The focus in Crucial’s booth was clearly on DDR4 memory, which will eventually usher in higher clock speeds at lower voltages on the desktop. G.SKILL too was showing off some DDR4 memory modules, alongside an Ivy Bridge E based system rocking some high-speed DDR3 clocked at 3000MHz. Kingston also had some speedy DDR3 on hand, a boatload of solid state drives, and USB thumb drives, but the stars of Kingston’s booth were a server equipped with 192GB of DDR4 memory, comprised of 24, 8GB sticks. Kingston, however, also had a slick 4-node Avoton server on hand, with each node equipped with 16GB of RAM. Pics of the Avoton and DDR4-equipped servers are in the gallery above.

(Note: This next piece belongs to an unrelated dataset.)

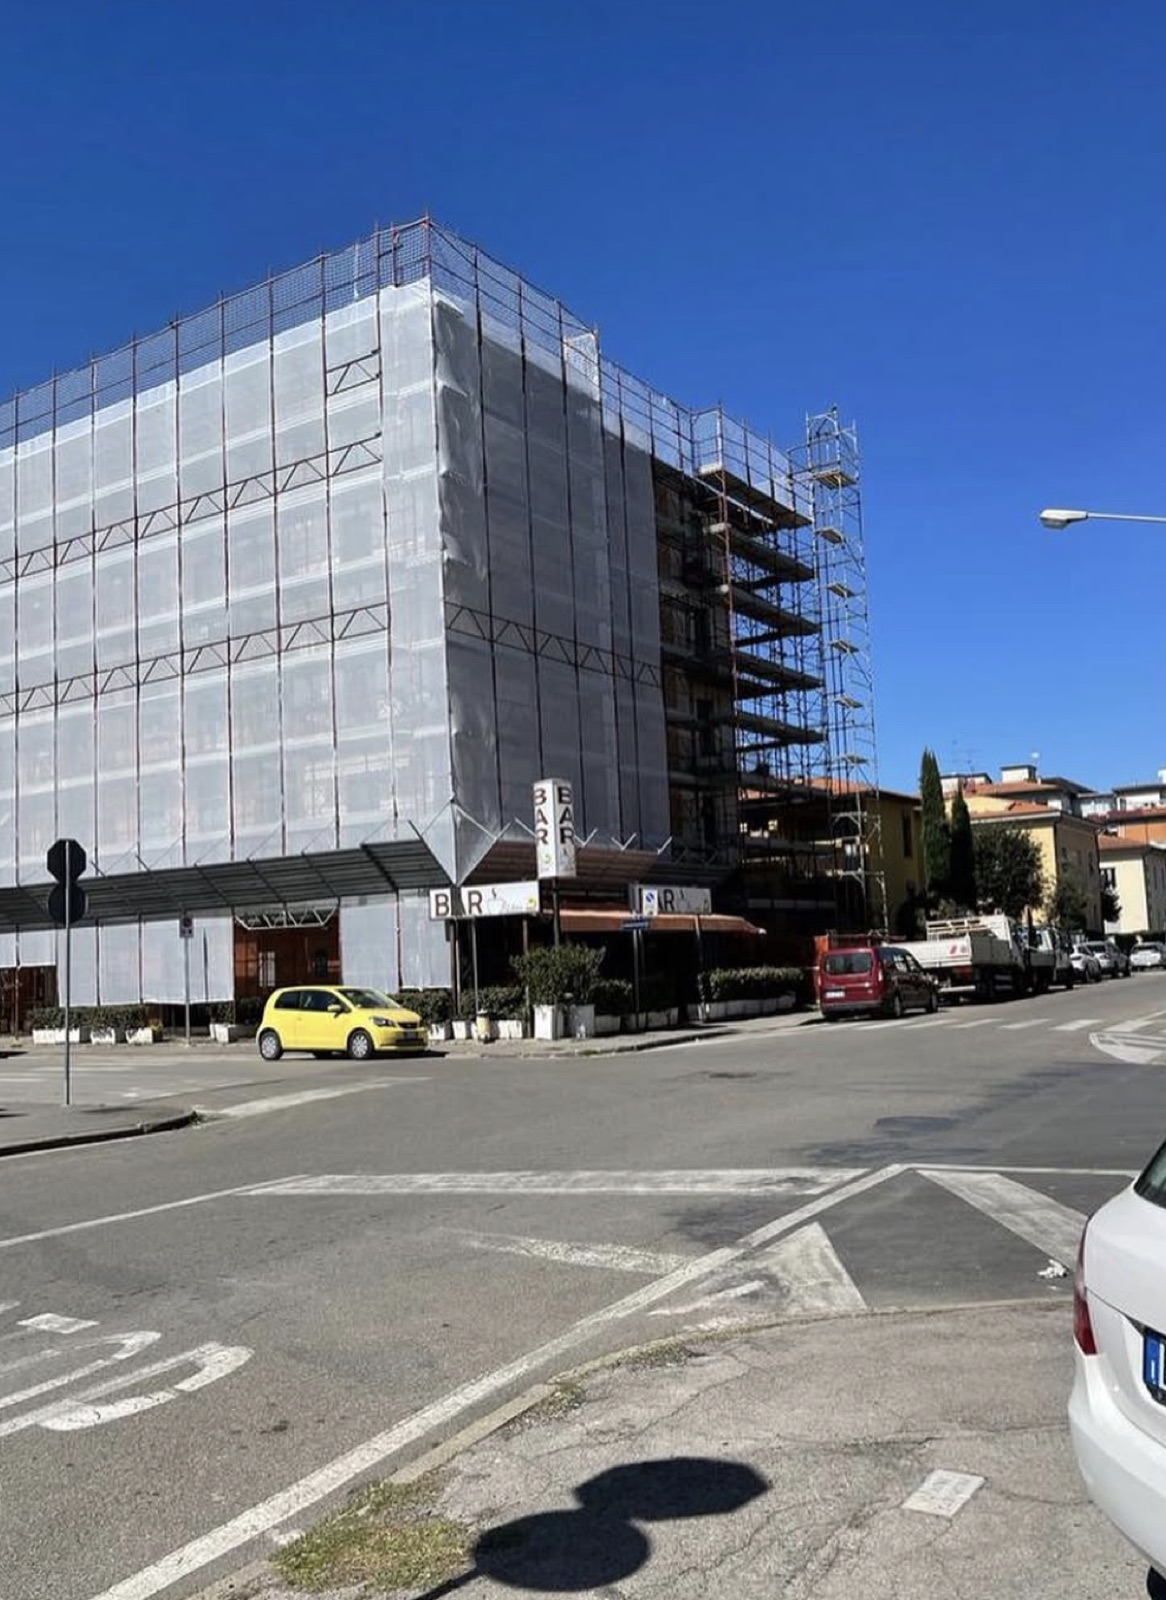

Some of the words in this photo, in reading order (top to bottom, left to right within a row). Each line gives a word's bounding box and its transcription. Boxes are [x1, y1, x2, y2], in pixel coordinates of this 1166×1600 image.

[534, 787, 549, 845] BAR
[557, 786, 575, 845] BAR
[434, 890, 483, 917] BR

Gigabyte was also on hand showing off a number of motherboards and small form factor systems. Gigabyte had a couple of new Z87 boards on-hand complete with newly-designed cooling solutions and dual Thunderbolt ports. Alongside the motherboards were a wide array of small form factor BRIX systems, including the recently announced BRIX II and a new machine outfitted with Intel Iris Pro graphics. The BRIX II and BRIX Iris machines both feature various 4th-Gen Intel Core processors based on the Haswell microarchitecture. The smaller machines feature solid state storage, while the taller units can accommodate standard 2.5” drives. You’ll also notice a BRIX machine sitting atop a mini-tripod. That’s the BRIX Projector that was announced a while back, which features a built in mini-projector. Pricing on the BRIX Iris machines wasn’t announced, but expect them to be somewhat more expensive than existing models.

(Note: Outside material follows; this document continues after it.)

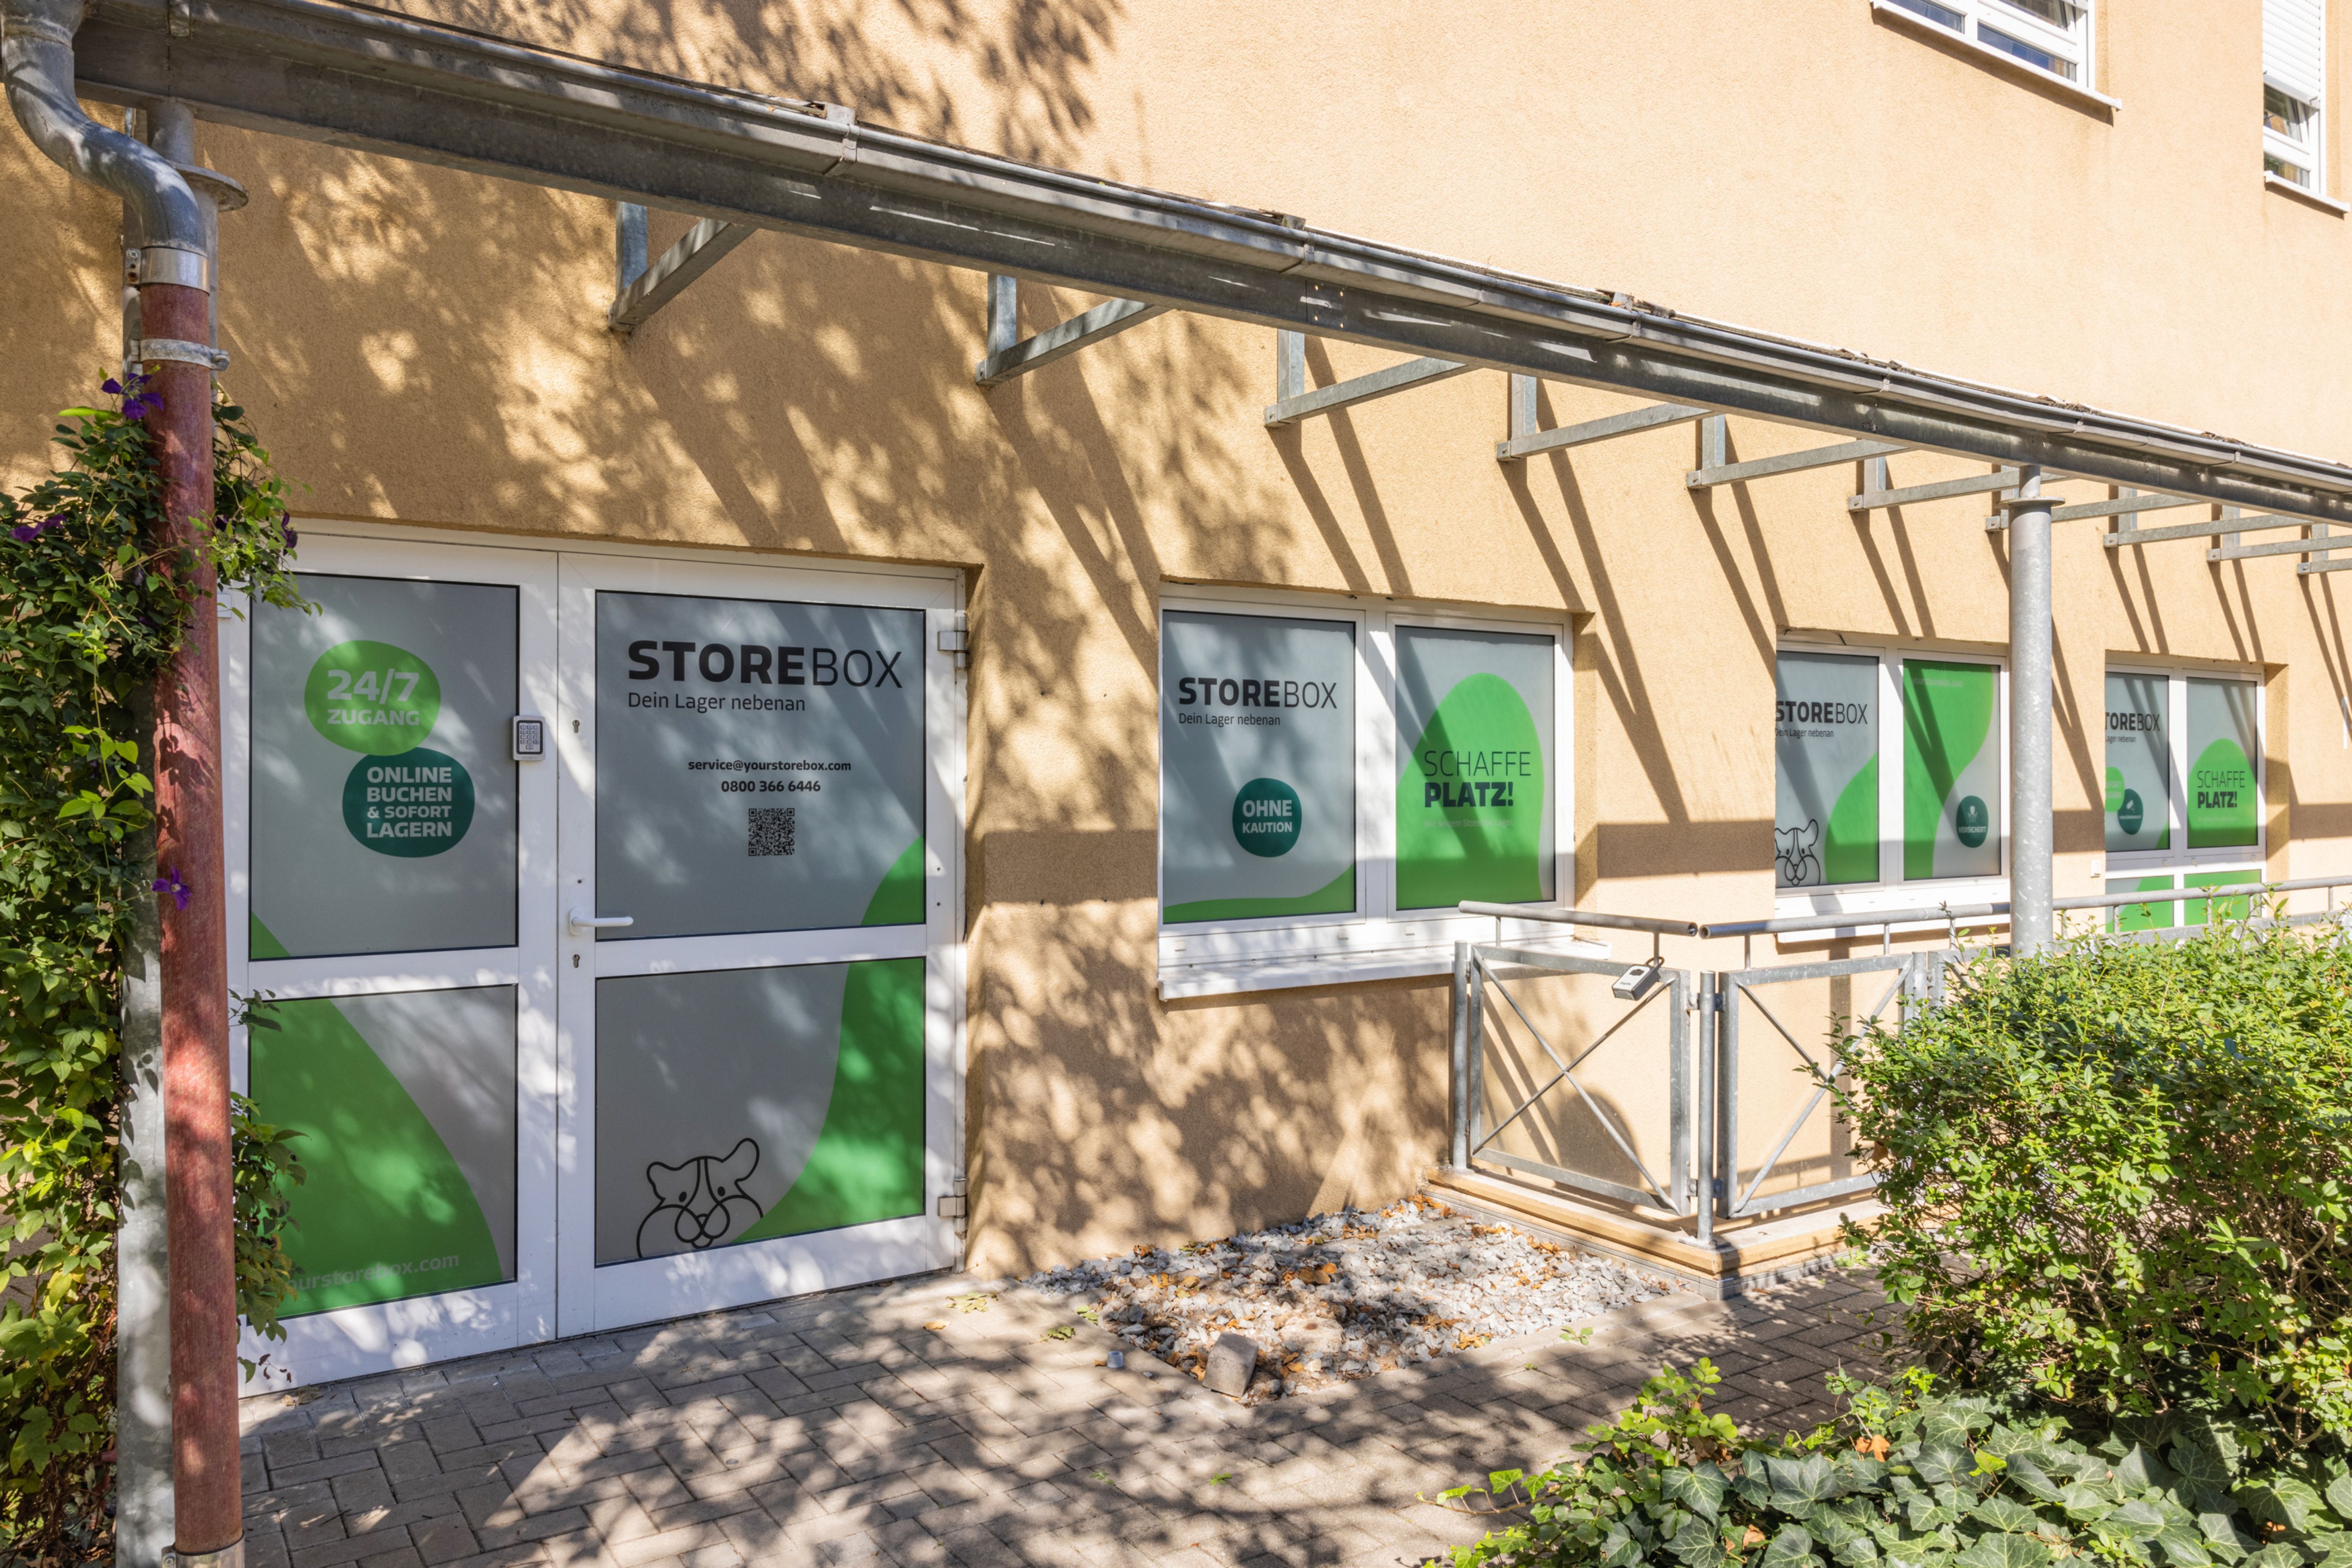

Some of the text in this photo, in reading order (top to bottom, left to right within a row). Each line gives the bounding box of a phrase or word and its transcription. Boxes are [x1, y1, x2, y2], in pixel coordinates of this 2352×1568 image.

Audience was also on hand talking about their latest es320 audio processor and its extensive noise suppression and speech recognition capabilities. Audience’s demo is incredibly impressive, but one you must experience to fully appreciate. The two laptops in the booth feature Audience technology. A Skype call was initiated between the two machines, first with noise suppression disabled. When the call connects, the ambient noise from the show floor makes it difficult to hear anyone speaking, because the laptop’s mic pick up all of the sounds in the room. But with noise suppression enabled, the background noise is virtually eliminated and caller’s voice is perfectly clear.